My Gmail has notified me that my browser is too outdated to read my mail. Of course they'd be happy to install Chrome but I'm leery. Instead I was redirected to a website that has the most recent Firefox (25?), which was downloaded to Archives. I've tried to open,extract,activate,replace my old browser but I'm way too much a technoweenie to have any effect. I use Ubuntu 12.04. Can anybody help me with this problem?


----------



## mnn2501 (Apr 2, 2008)

You use Ubuntu but your not a techie? I Don't know enough about Ubuntu to assist you other than you should be able to double click on the file that downloaded and start it running, of course you need to know where it downloaded to which, in Windows at least, it tells you where it will save to before it starts downloading.

Just for the record Chrome IMHO is the best browser there is - its streamlined, meaning it doesn't have all the garbage the others have so its quicker than IE or FF. Looks cleaner too in my opinion.


----------



## GA peasant (Dec 10, 2010)

As a last resort I guess I'll have to install Chrome,but like I said I'm leery-I like my privacy.Thanks in advance for all replies. I'm not on all the time, only access the Internet at free WiFi sites like McD's, hence the delay(s). But again thanks for all attempts. When I've tried to download Firefox it goes to the archives as a read-only file and there it sits. Please ,any suggestions?


----------



## farmrbrown (Jun 25, 2012)

Unfortunately all of the mainline browsers are going to invade your privacy, that's what they do for a living now.
It's not about search engines for your convenience, it's about sales and marketing, and for that they want all your private info.
I had a similar problem when they switched my email to a different system, and I refuse to update to the latest version of whatever Bill Gates or Apple is selling nowadays.
My email is now slow and often drops my connection when I use it.
Oh well, I'm not going to make it easy on them either.


----------



## backwoodsman7 (Mar 22, 2007)

Anything you download from a website is going to be a Windows program; you can't install those on Linux. Whoever set you up on Linux should've explained that to you. On Linux, if the automatic updater isn't turned on, you have to do it manually from the package manager or the command line.

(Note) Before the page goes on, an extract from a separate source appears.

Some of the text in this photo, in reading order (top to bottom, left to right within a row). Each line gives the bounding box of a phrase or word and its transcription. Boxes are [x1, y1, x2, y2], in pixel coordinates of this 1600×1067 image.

In Ubuntu, the package manager is called Synaptic; it should be on your menu under System. You'll need to enter the root password when it starts. Across the top is a button bar; click Reload, then when that's done click Mark All Upgrades, then Apply. If you haven't updated in a while, it'll take some time. If you have to interrupt it during the download, you can cancel it and restart it later without losing anything; but don't interrupt it once it's done downloading and has started installing the updates.

You could try updating just Firefox instead of everything, but that can cause problems occasionally, so it's best to run all available updates at the same time whenever possible.


----------



## Steve in PA (Nov 25, 2011)

Backwoodsman is probably correct that your system isn't setup for automatic updates. He gave you one way and I'll give you another to do updates*

1. Hold the Control-Alt-T keys down at the same time. This will bring up the terminal window which is very much like the old DOS window.

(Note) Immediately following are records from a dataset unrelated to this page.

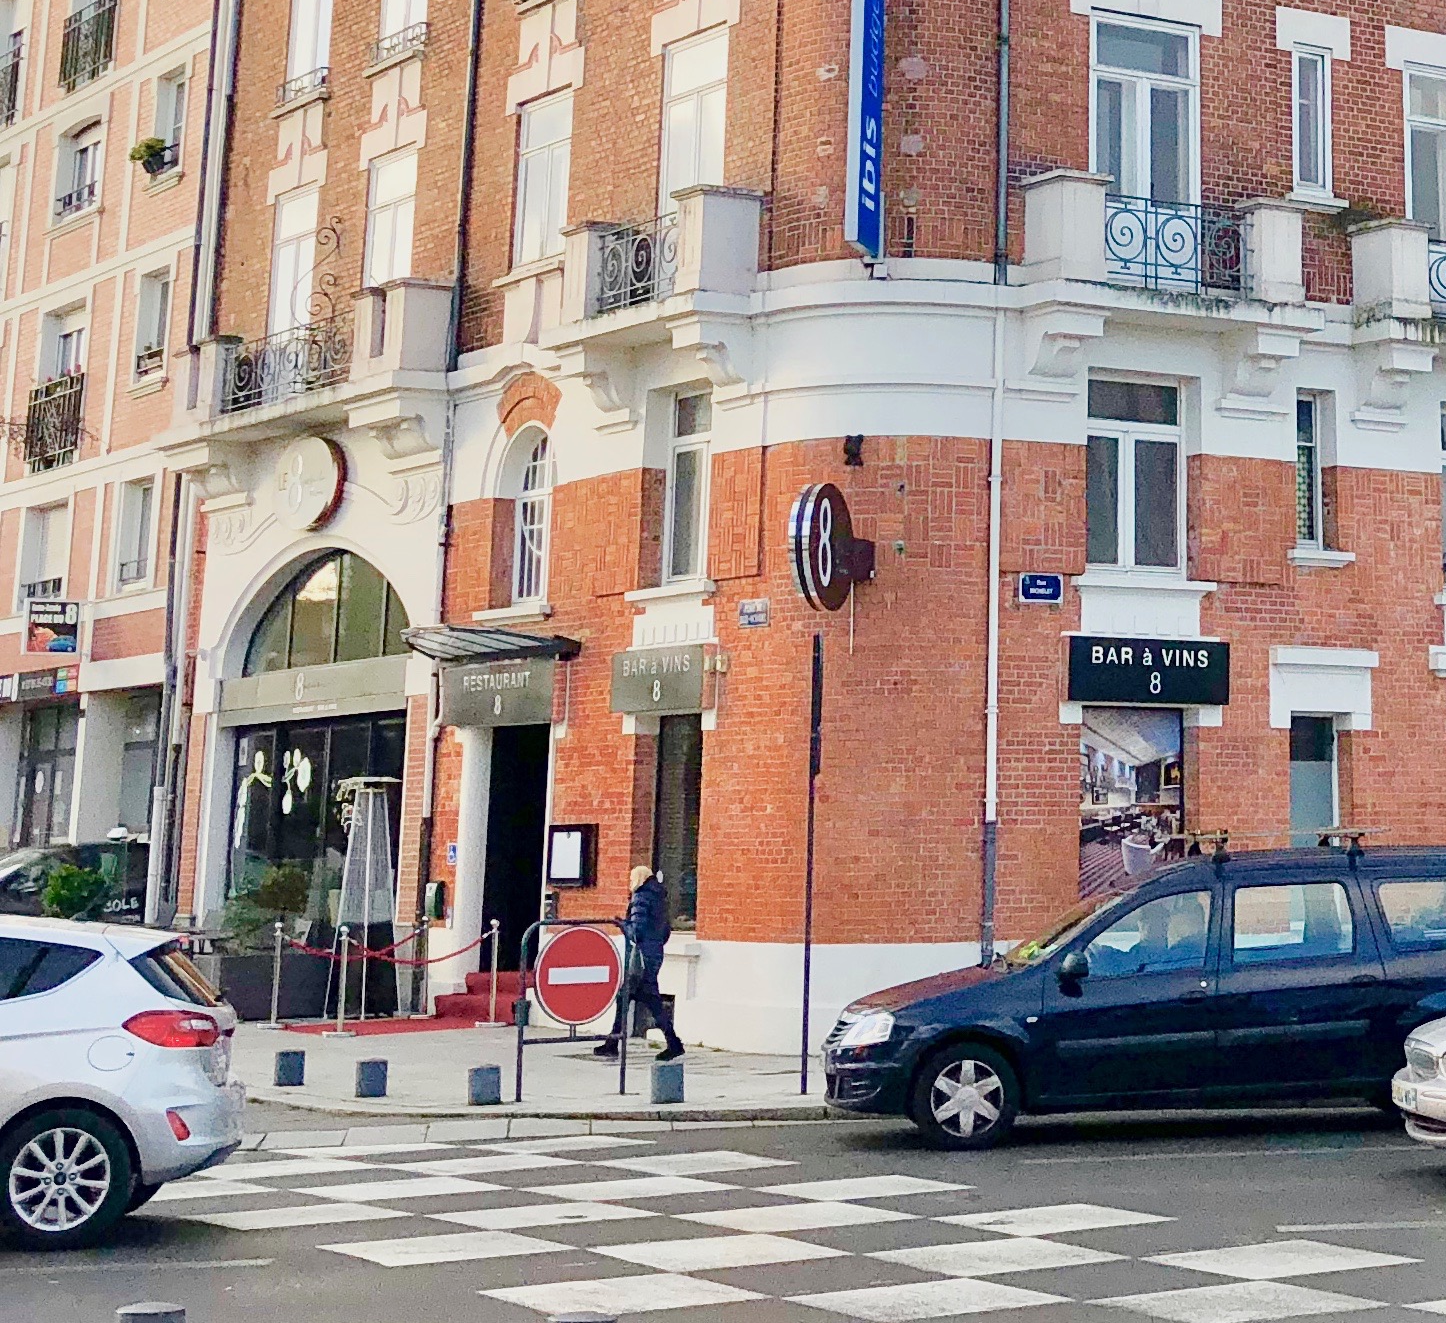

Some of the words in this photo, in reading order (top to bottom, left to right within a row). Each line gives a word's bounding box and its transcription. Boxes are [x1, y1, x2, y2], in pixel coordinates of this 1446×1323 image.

[861, 115, 877, 212] ibis
[818, 497, 832, 588] 8
[64, 603, 78, 625] 8
[622, 659, 645, 676] BAR
[661, 655, 691, 673] VINS
[1091, 645, 1133, 665] BAR
[1142, 647, 1153, 666] à
[1161, 648, 1209, 668] VINS
[295, 672, 305, 701] 8
[463, 671, 531, 692] RESTAURANT
[651, 679, 661, 702] 8
[1150, 671, 1162, 694] 8
[493, 694, 502, 715] 8

2. In that window type, "sudo apt-get update", you'll be prompted for your password. It should go out and make sure all the sources for your updates are reachable.

3. When the last step is complete, in the same window type "sudo update-manager" which will open another program. Follow the instructions in that program to update everything. You should also be able to turn on automatic updates in that program.

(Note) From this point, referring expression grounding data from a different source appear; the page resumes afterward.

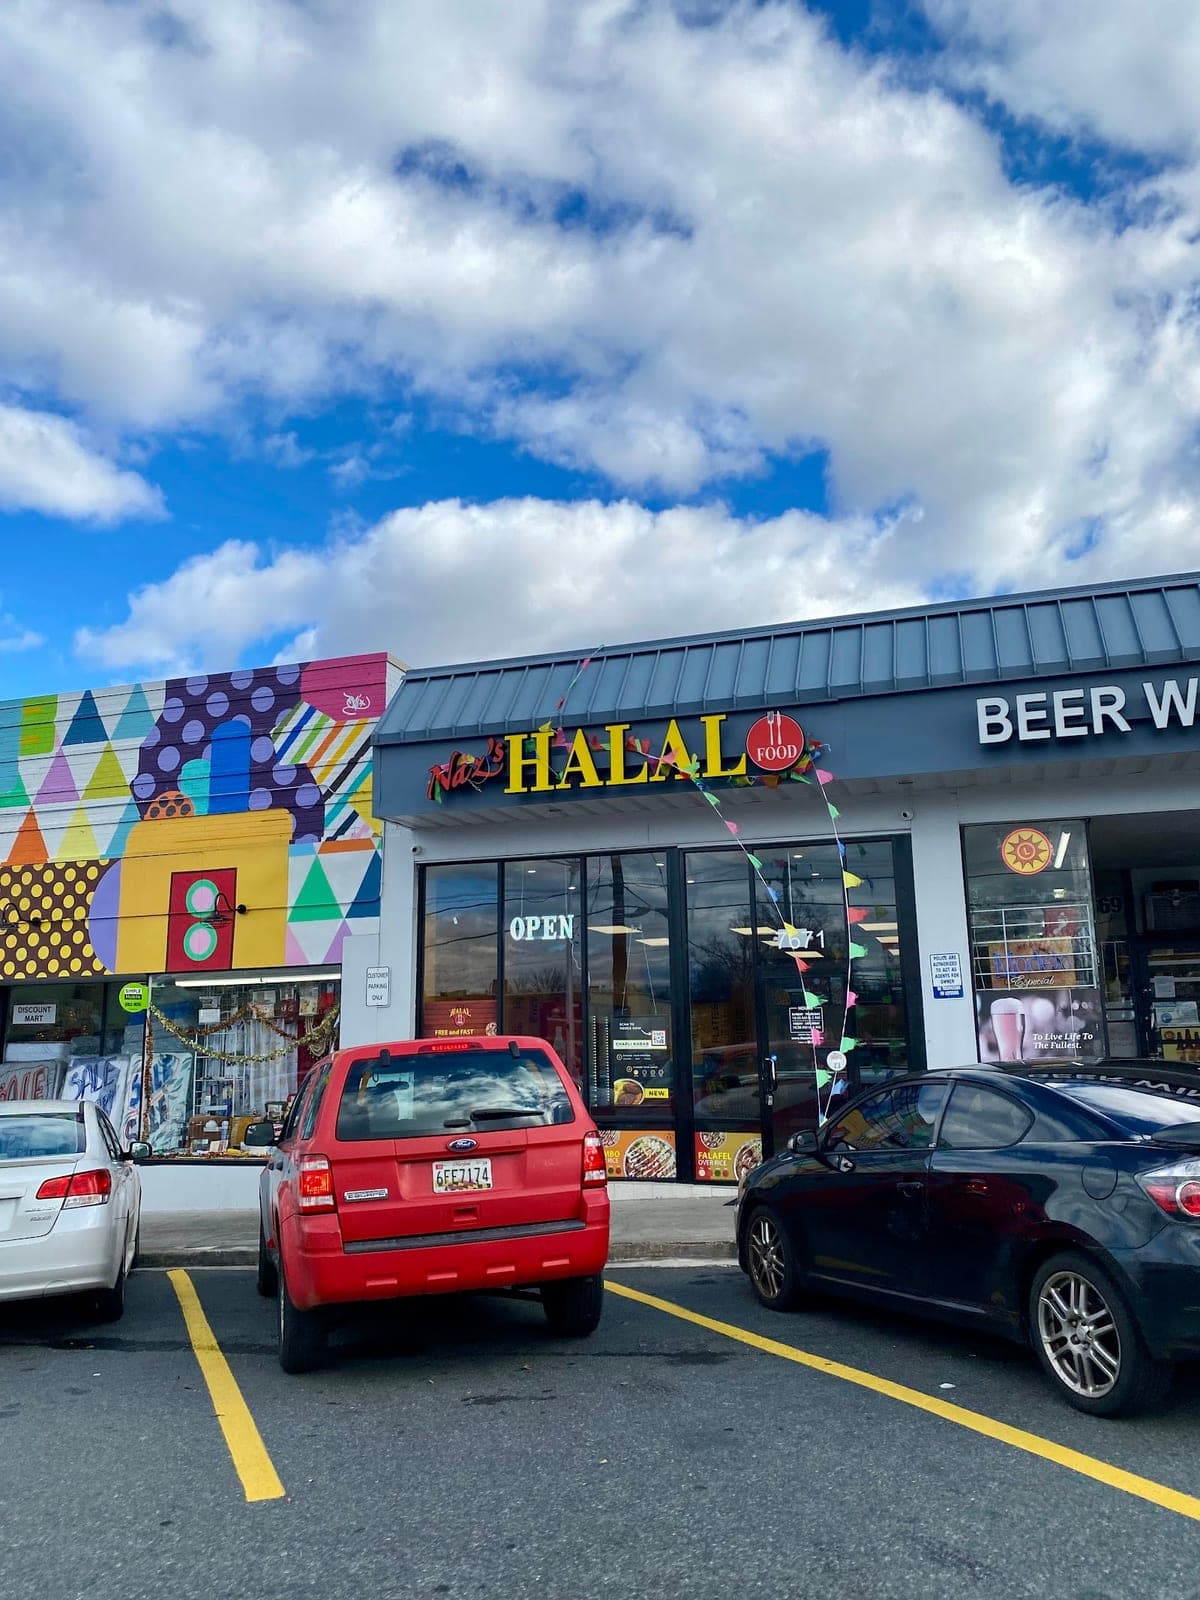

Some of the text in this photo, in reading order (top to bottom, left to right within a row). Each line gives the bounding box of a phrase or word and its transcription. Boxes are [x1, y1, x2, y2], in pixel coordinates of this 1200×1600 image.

[976, 685, 1132, 744] BEER
[426, 714, 747, 801] Naz's HALAL
[757, 744, 797, 762] FOOD
[509, 914, 575, 941] OPEN
[1010, 974, 1055, 988] Especial
[1033, 1032, 1094, 1041] To Live Life To
[1050, 1041, 1082, 1049] Fullest.
[604, 1150, 620, 1158] MBO
[697, 1151, 732, 1160] FALAFEL
[714, 1159, 728, 1167] RICE

If your updates aren't turned on you may have a lot of updates to download depending on how old your install is. One of the things I very much like about Ubuntu and other linux distros is that they update and fix bugs quickly.

*I'm on my tablet now not my Ubuntu box. If the instructions are wrong I'll update them when I get home.


----------



## GA peasant (Dec 10, 2010)

Thank you Backwoodsman7 and Steve in PA; both of you have given me advice and hope.I'm in the process of downloading/upgrading to version 12.04. I tried the Synaptic package manager w.o success-it kept asking for a CD of Raring Ringtail then giving me an error message. I'm having somewhat better luck with the control alt-T method-fetched 378 of 2493 files-not installed mind you,just fetched.Price I pay for not staying current. I can only do this when I'm at a Wifi spot like McDonalds,Krystal,etc. Sincere thanks again.


----------



## MichaelZ (May 21, 2013)

You should download from http://www.mozilla.org/en-US/firefox/new/ 
Download it. Open it, and then run it. Everything else should be taken care of - you will automatically get the most recent version.


----------



## simi-steading (Sep 27, 2012)

MichaelZ said:


> You should download from http://www.mozilla.org/en-US/firefox/new/
> Download it. Open it, and then run it. Everything else should be taken care of - you will automatically get the most recent version.


That's for Windows.. not Linux.. 

To the OP.. I run Chrome.. Used to use Firefox.. Chrome seems faster and a little more site friendly.. You can lock it down fairly well so it's not spying on you a whole lot... Even firefox spys.. there are add-ons that help, but it's a pain keeping up with everything..


----------